> **RECORDS PROVIDED**:
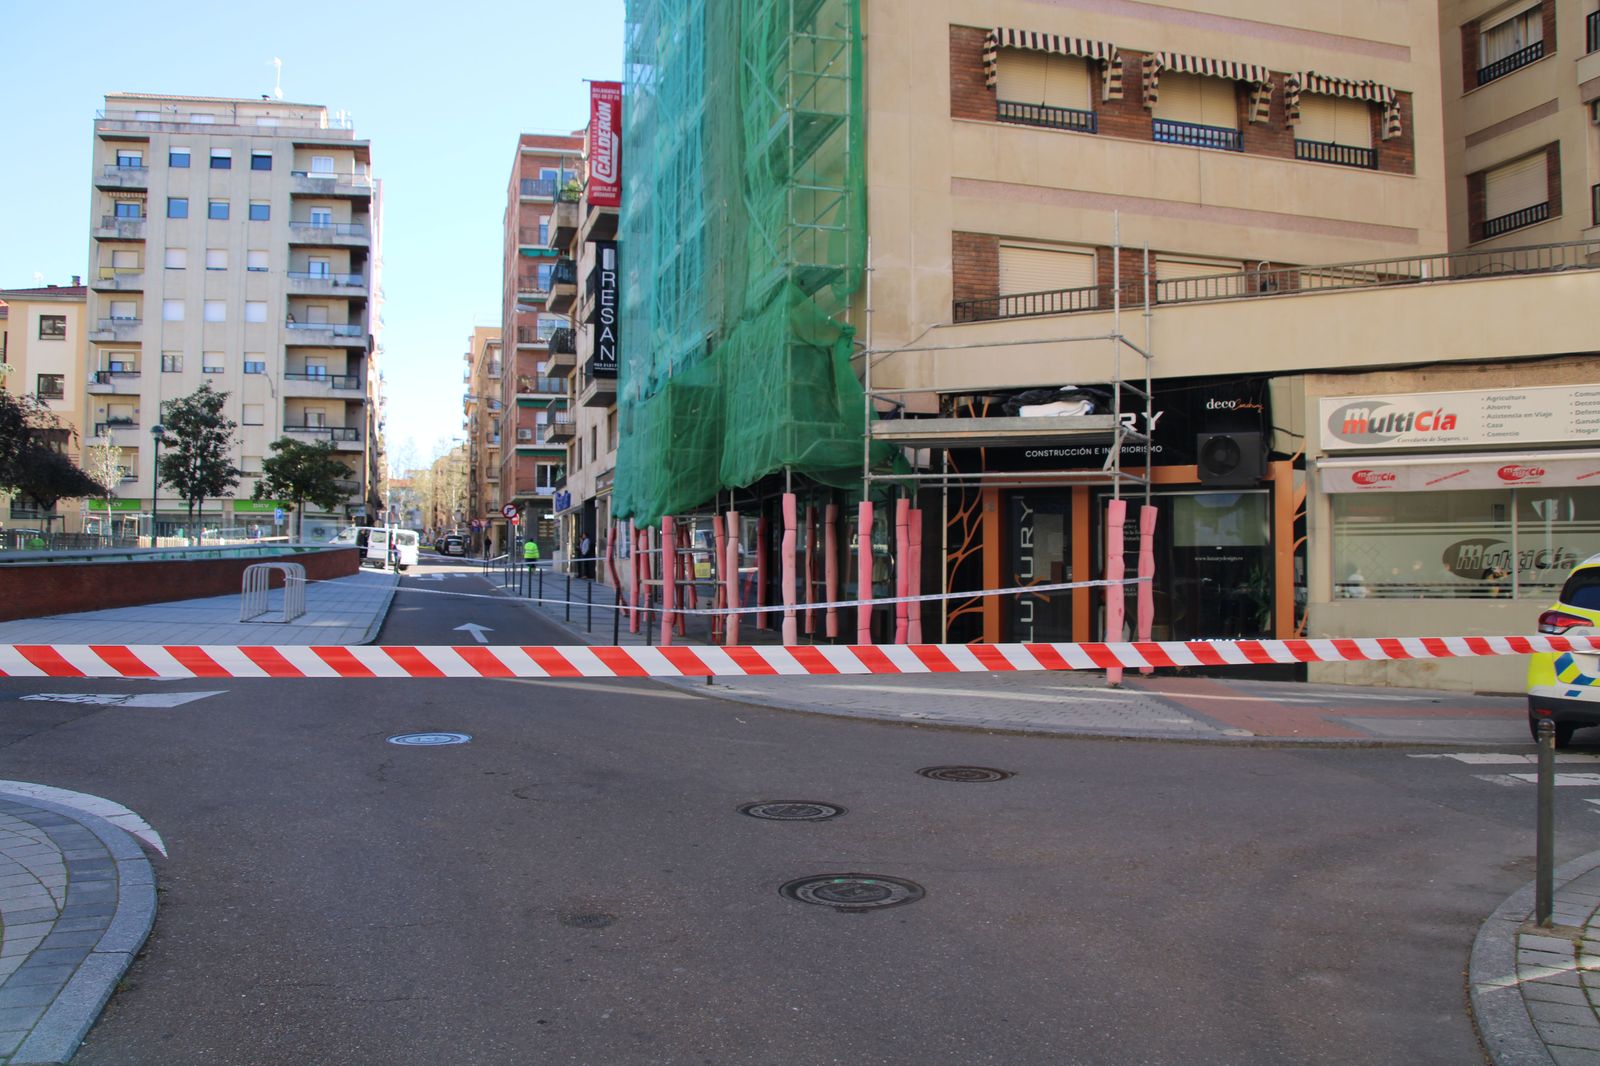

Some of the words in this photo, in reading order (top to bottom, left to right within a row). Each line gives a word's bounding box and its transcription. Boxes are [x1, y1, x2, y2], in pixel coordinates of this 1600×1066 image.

[596, 100, 611, 175] CALDERÓN
[600, 271, 616, 361] RESAN
[1206, 398, 1236, 410] deco
[1025, 447, 1092, 458] CONSTRUCCIÓN
[1094, 447, 1100, 455] E
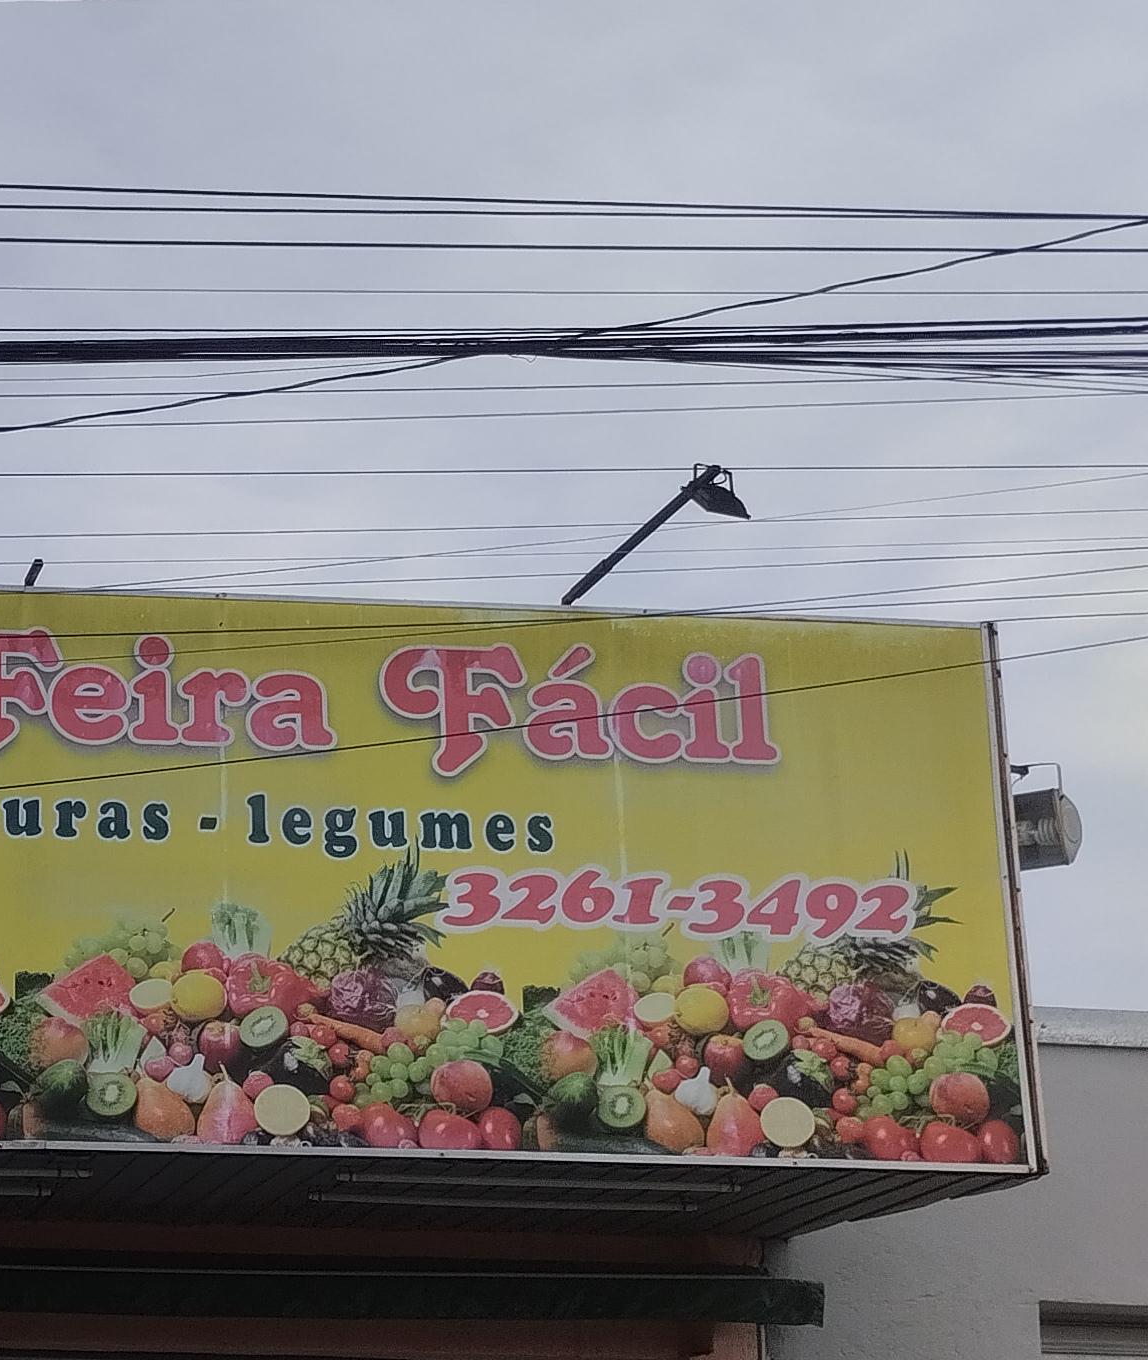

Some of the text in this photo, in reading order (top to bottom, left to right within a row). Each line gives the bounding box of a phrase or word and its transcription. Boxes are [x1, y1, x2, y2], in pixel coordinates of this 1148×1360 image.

[380, 643, 781, 777] Fácil
[246, 793, 554, 858] legumes
[441, 869, 911, 938] 3261-3492
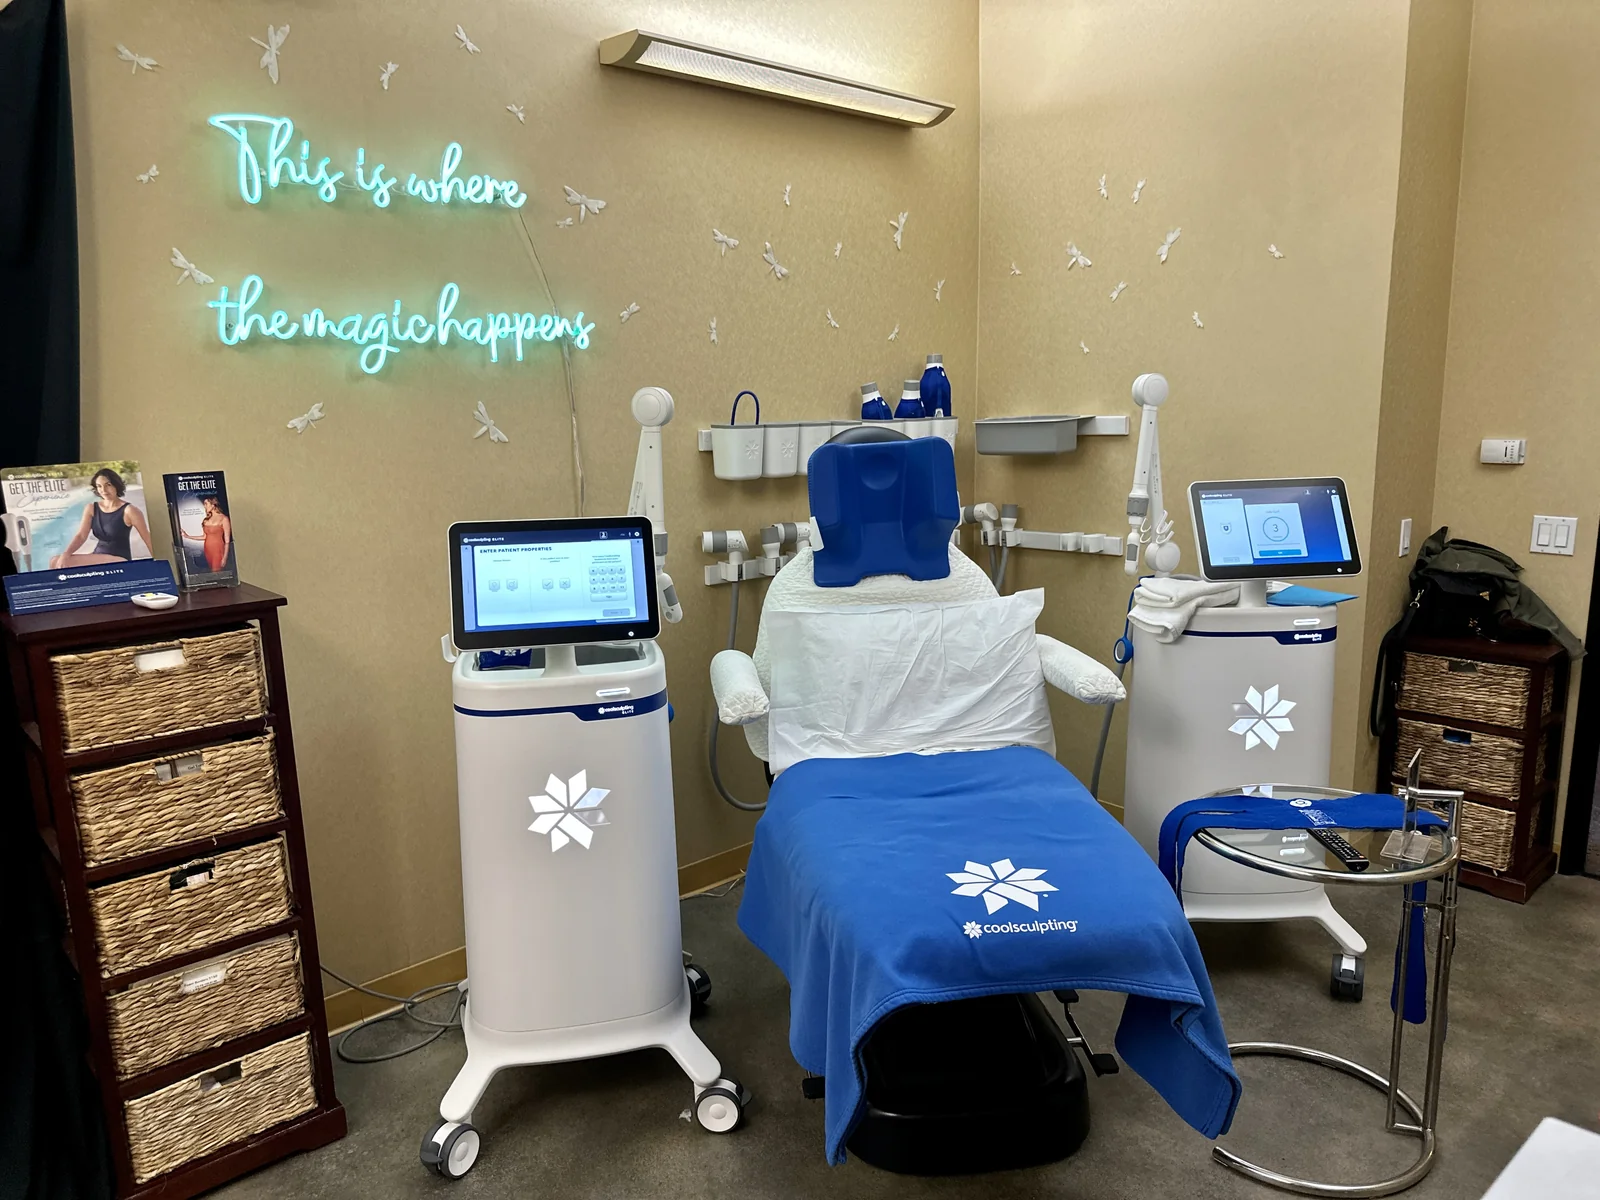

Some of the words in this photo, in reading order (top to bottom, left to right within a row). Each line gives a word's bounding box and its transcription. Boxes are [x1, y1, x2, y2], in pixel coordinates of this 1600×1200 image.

[208, 113, 344, 205] This
[355, 147, 397, 208] is
[406, 141, 528, 209] where
[206, 274, 299, 345] the
[301, 299, 437, 374] magic
[437, 282, 596, 362] happens
[9, 482, 25, 495] GET
[26, 480, 43, 494] THE
[43, 479, 66, 493] ELITE
[177, 481, 189, 491] GET
[189, 480, 201, 490] THE
[201, 479, 217, 490] ELITE
[1272, 523, 1279, 533] 3
[983, 918, 1078, 934] coolsculpting
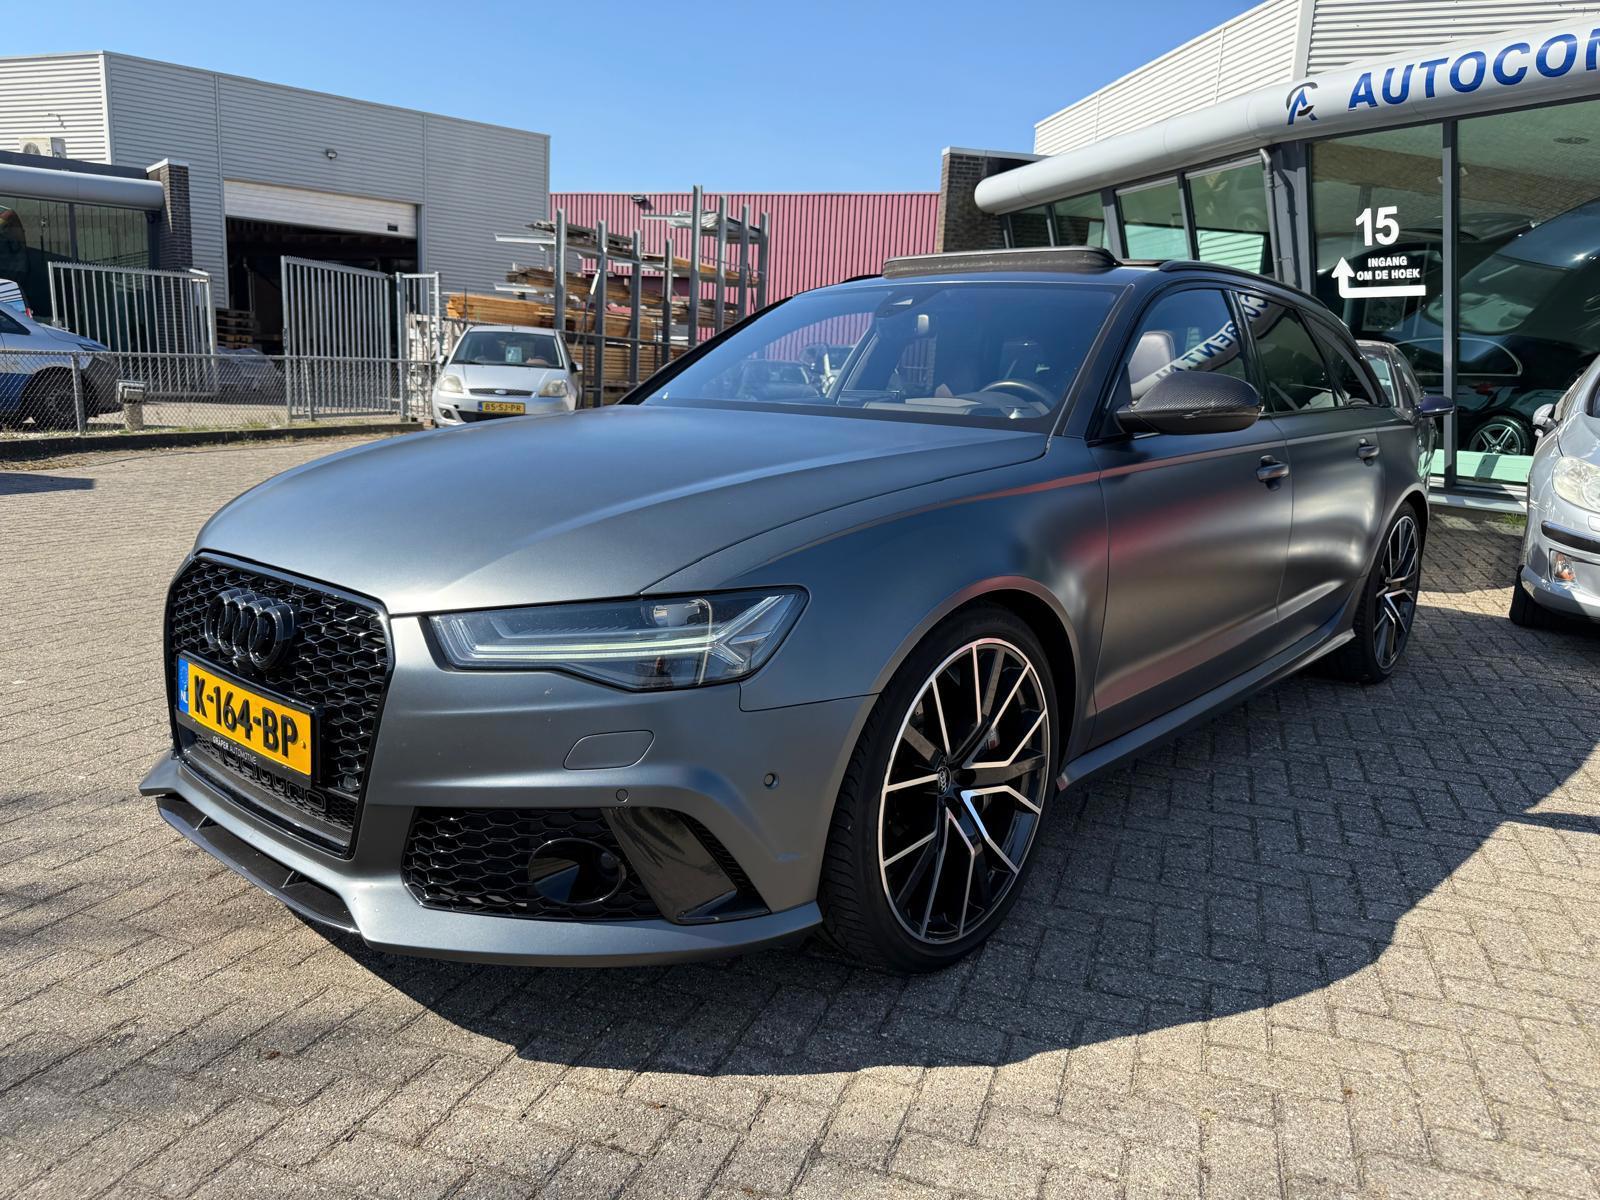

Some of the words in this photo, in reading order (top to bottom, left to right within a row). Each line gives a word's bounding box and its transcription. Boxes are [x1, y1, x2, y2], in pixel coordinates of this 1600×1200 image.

[1355, 206, 1400, 247] 15
[1367, 256, 1408, 268] INGANG
[1356, 270, 1373, 281] OM
[1374, 269, 1389, 280] DE
[1391, 268, 1420, 279] HOEK
[484, 402, 522, 412] 85-SJ-PR
[194, 675, 298, 758] K-164-BP
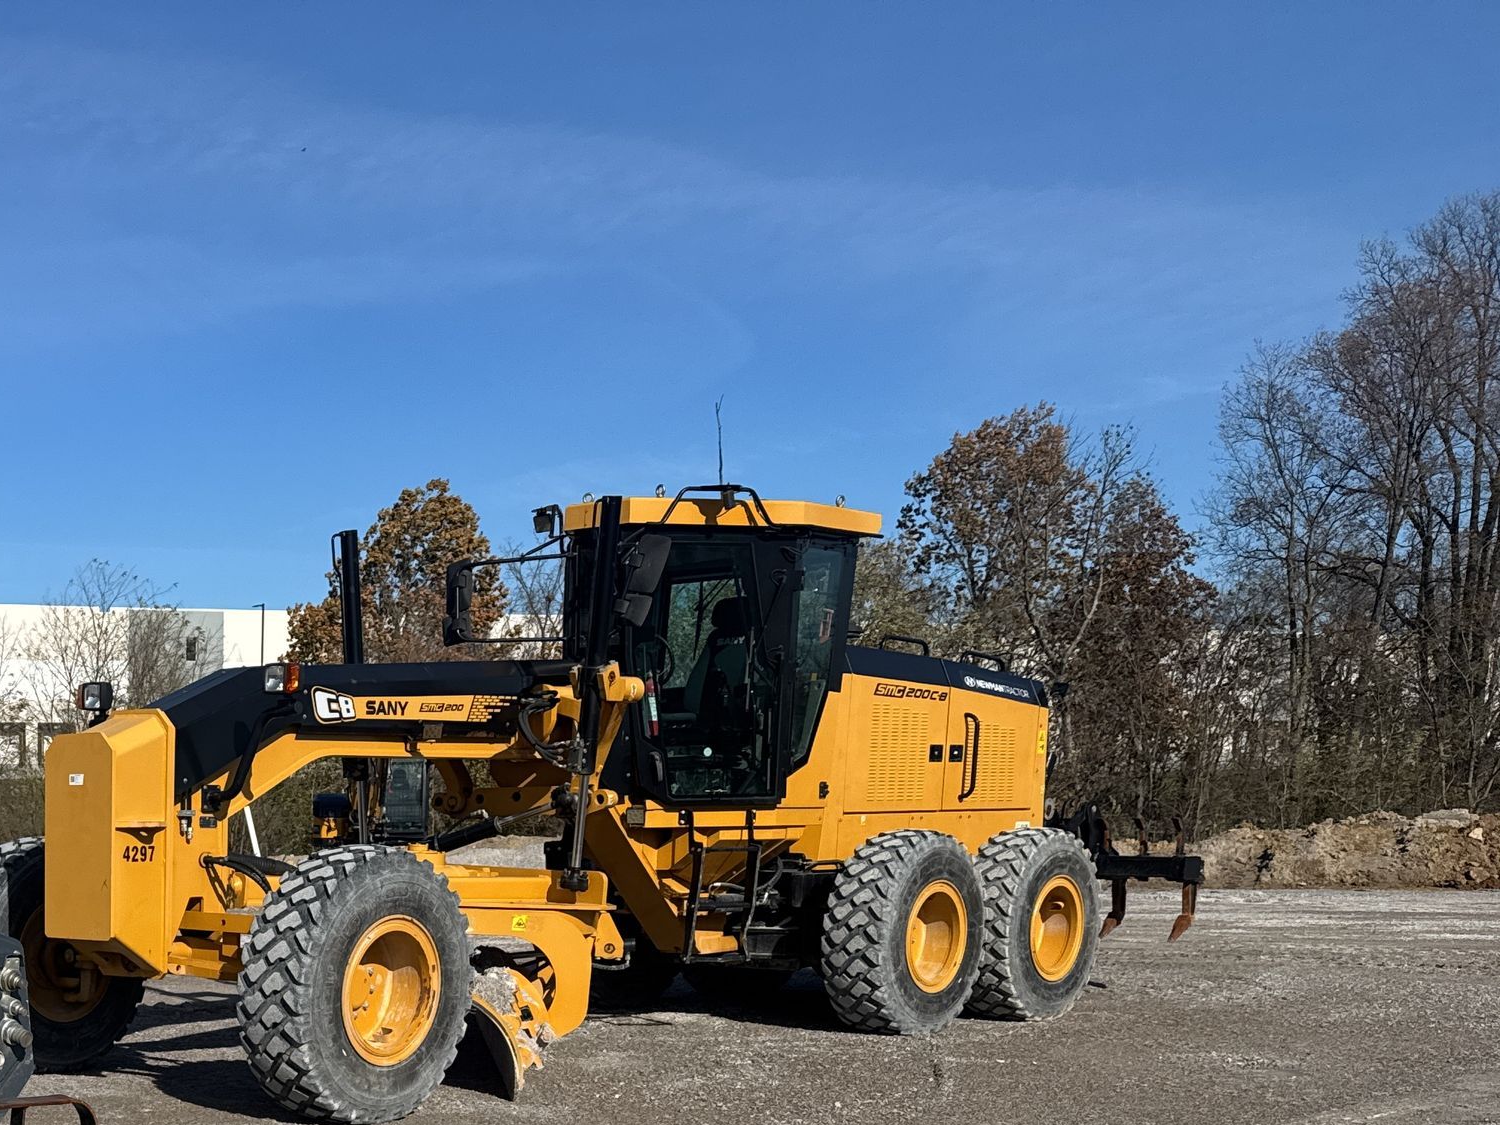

> **WHAT NEEDS TO BE DONE**: Give the data above back unchanged, except for the pictures.

> **PROBLEM SOLUTION**:
Some of the words in this photo, in reading order (top to bottom, left to right within a row). Each line gives a word's bounding box and its transcription. Boxes are [x1, y1, x2, y2], in pixel coordinates of this 1600×1066 image.

[596, 100, 611, 175] CALDERÓN
[600, 271, 616, 361] RESAN
[1206, 398, 1236, 410] deco
[1025, 447, 1092, 458] CONSTRUCCIÓN
[1094, 447, 1100, 455] E

Some of the text in this photo, in reading order (top to bottom, left to right within a row). Each line gives the bounding box of a phrase or word and its transcription. Boxes are [x1, y1, x2, y2], in pixel coordinates of this 1148×1360 image.

[380, 643, 781, 777] Fácil
[246, 793, 554, 858] legumes
[441, 869, 911, 938] 3261-3492

Some of the words in this photo, in reading order (top to bottom, left to right within a row). Each line gives a word's bounding box and its transcription. Boxes are [x1, y1, x2, y2], in pixel coordinates of this 1600×1200 image.

[208, 113, 344, 205] This
[355, 147, 397, 208] is
[406, 141, 528, 209] where
[206, 274, 299, 345] the
[301, 299, 437, 374] magic
[437, 282, 596, 362] happens
[9, 482, 25, 495] GET
[26, 480, 43, 494] THE
[43, 479, 66, 493] ELITE
[177, 481, 189, 491] GET
[189, 480, 201, 490] THE
[201, 479, 217, 490] ELITE
[1272, 523, 1279, 533] 3
[983, 918, 1078, 934] coolsculpting

Some of the words in this photo, in reading order (top to bottom, left to right within a row). Each line gives a word's bounding box and its transcription. Boxes are [x1, y1, x2, y2], in pixel coordinates of this 1600×1200 image.

[1355, 206, 1400, 247] 15
[1367, 256, 1408, 268] INGANG
[1356, 270, 1373, 281] OM
[1374, 269, 1389, 280] DE
[1391, 268, 1420, 279] HOEK
[484, 402, 522, 412] 85-SJ-PR
[194, 675, 298, 758] K-164-BP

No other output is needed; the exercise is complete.